La mamma della No Tav in fuga: “Rivoglio mia figlia Eddi ma temo finisca in galera” 
Roberta Lena: “Chiedo rassicurazioni. È più facile essere rivoluzionari che genitori di rivoluzionari”



Una manifestazione a Chiomonte contro la linea ad Alta velocità


     
     
     
     

08/07/2016 
fabrizio assandritorino 
«È più facile essere rivoluzionari piuttosto che genitori di rivoluzionari». Roberta Lena, attrice e regista, commenta così la vicenda di sua figlia «Eddi», Maria Edgarda Marcucci, la studentessa di Filosofia dell’Università di Torino vicina al mondo No Tav che ha deciso di non farsi trovare da quando la polizia vuole notificarle gli arresti domiciliari. Lena appoggia il comitato di «mamme in piazza per la libertà di dissenso», che chiedono di «allentare la morsa» della Procura sui loro figli colpiti da provvedimenti per fatti contestati in Valle o all’Università. 
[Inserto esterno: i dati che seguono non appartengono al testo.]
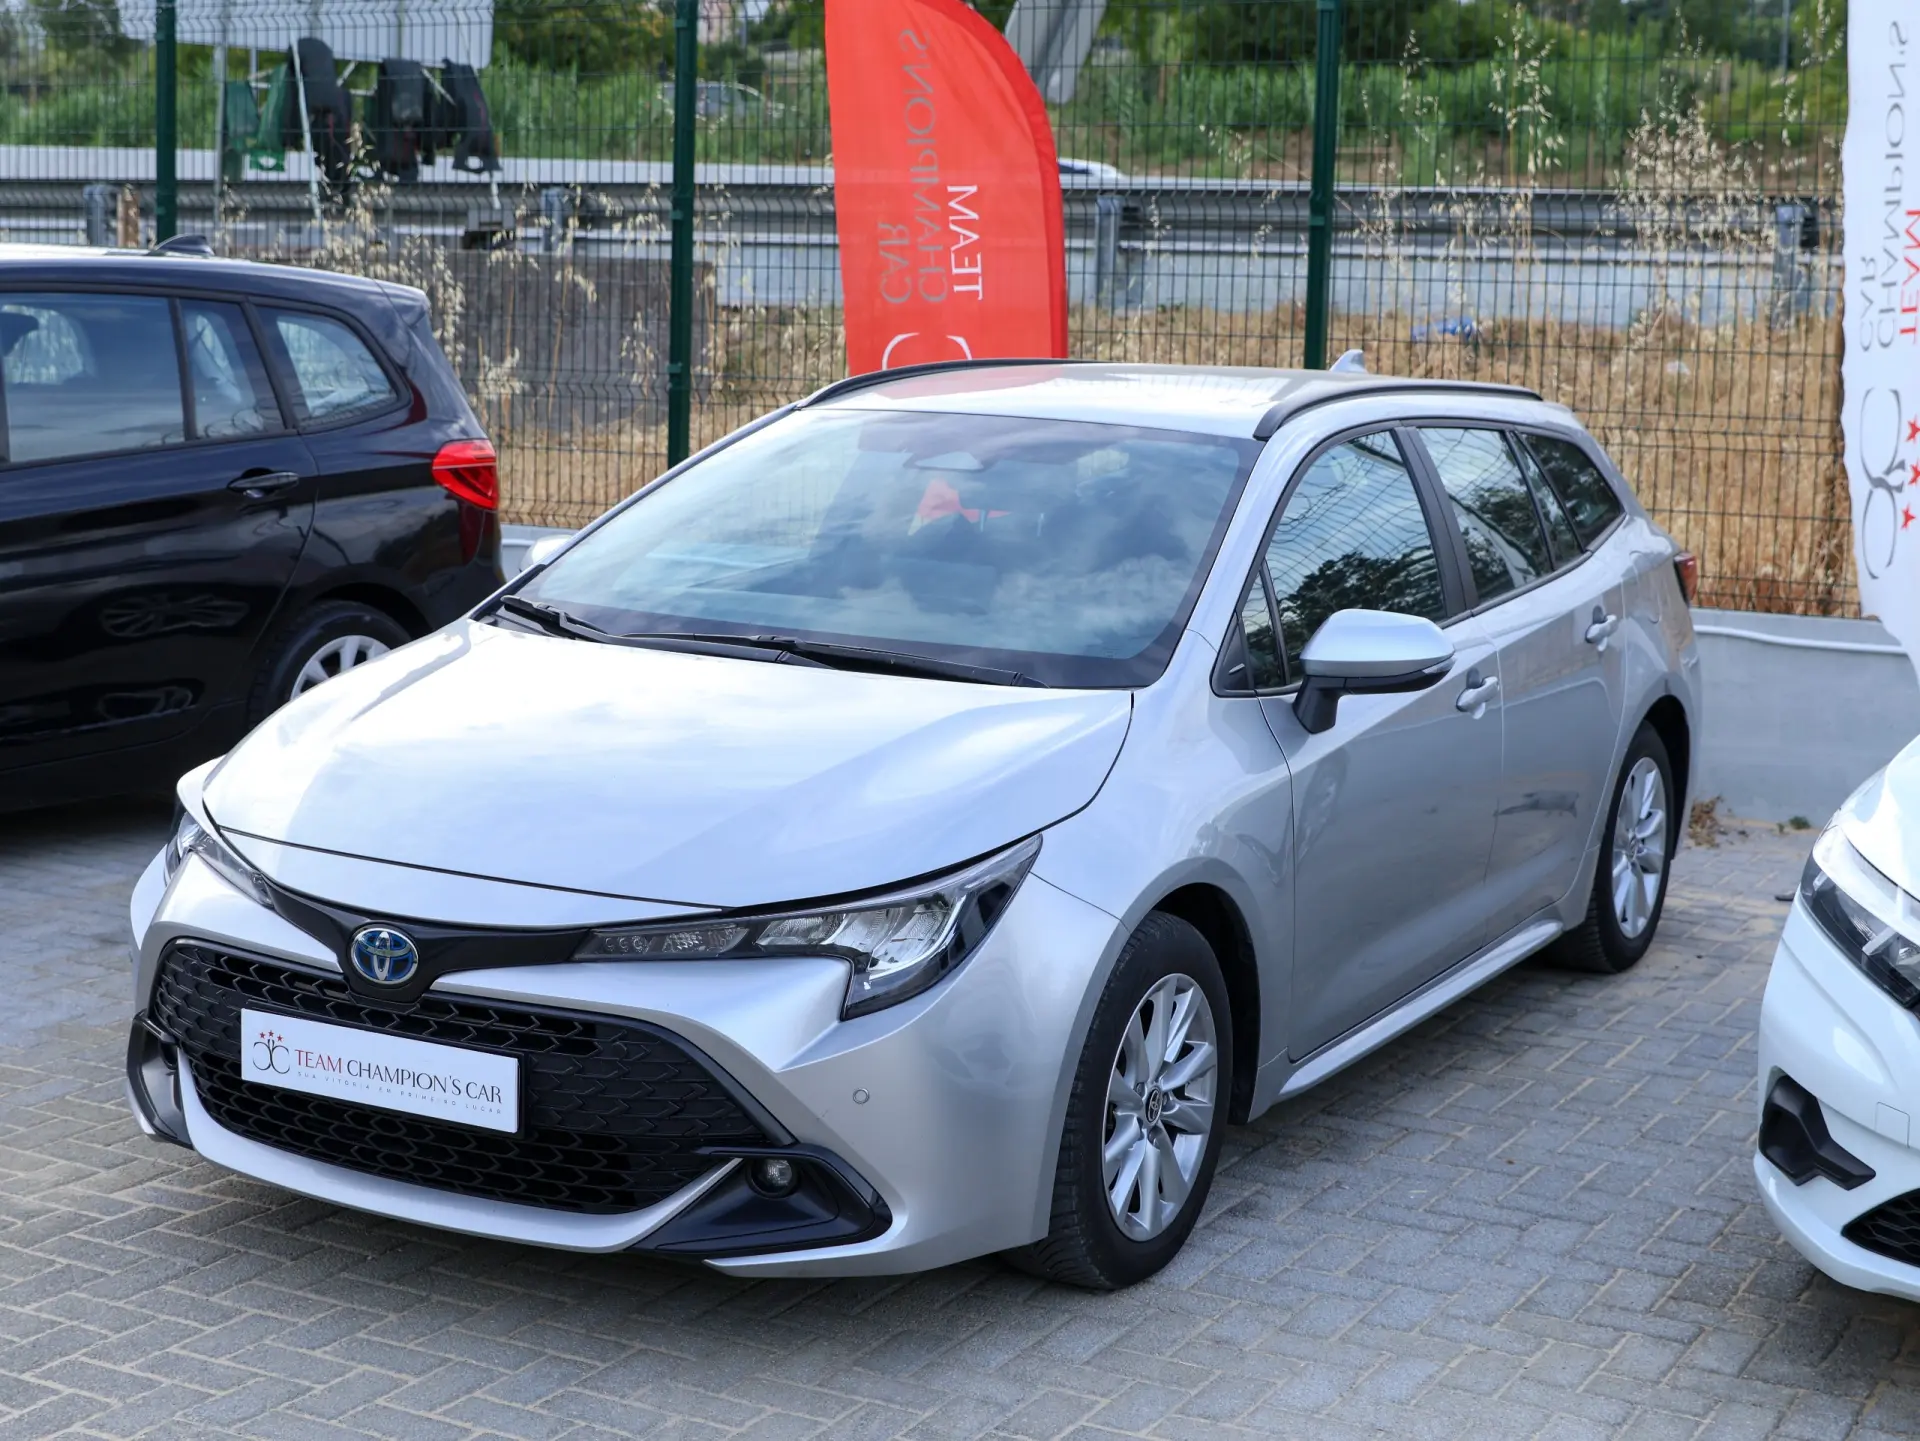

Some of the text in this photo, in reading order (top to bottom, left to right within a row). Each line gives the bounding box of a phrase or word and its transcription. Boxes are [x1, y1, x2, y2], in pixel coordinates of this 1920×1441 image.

[294, 1049, 502, 1104] TEAM CHAMPION'S CAR
[297, 1071, 316, 1079] SUA
Condivide l’appello di Virzì che chiede a sua figlia di farsi viva?  

«Da un lato sì, sto male a non avere sue notizie, non so dov’è, ma dall’altro lato mi chiedo cosa succede se torna. Vorrei ci fossero delle rassicurazioni, una garanzia. Ho paura che la prendano, che possa finire in galera, che si accaniscano ancora di più. È successo ai due attivisti che non hanno rispettato l’obbligo di firma».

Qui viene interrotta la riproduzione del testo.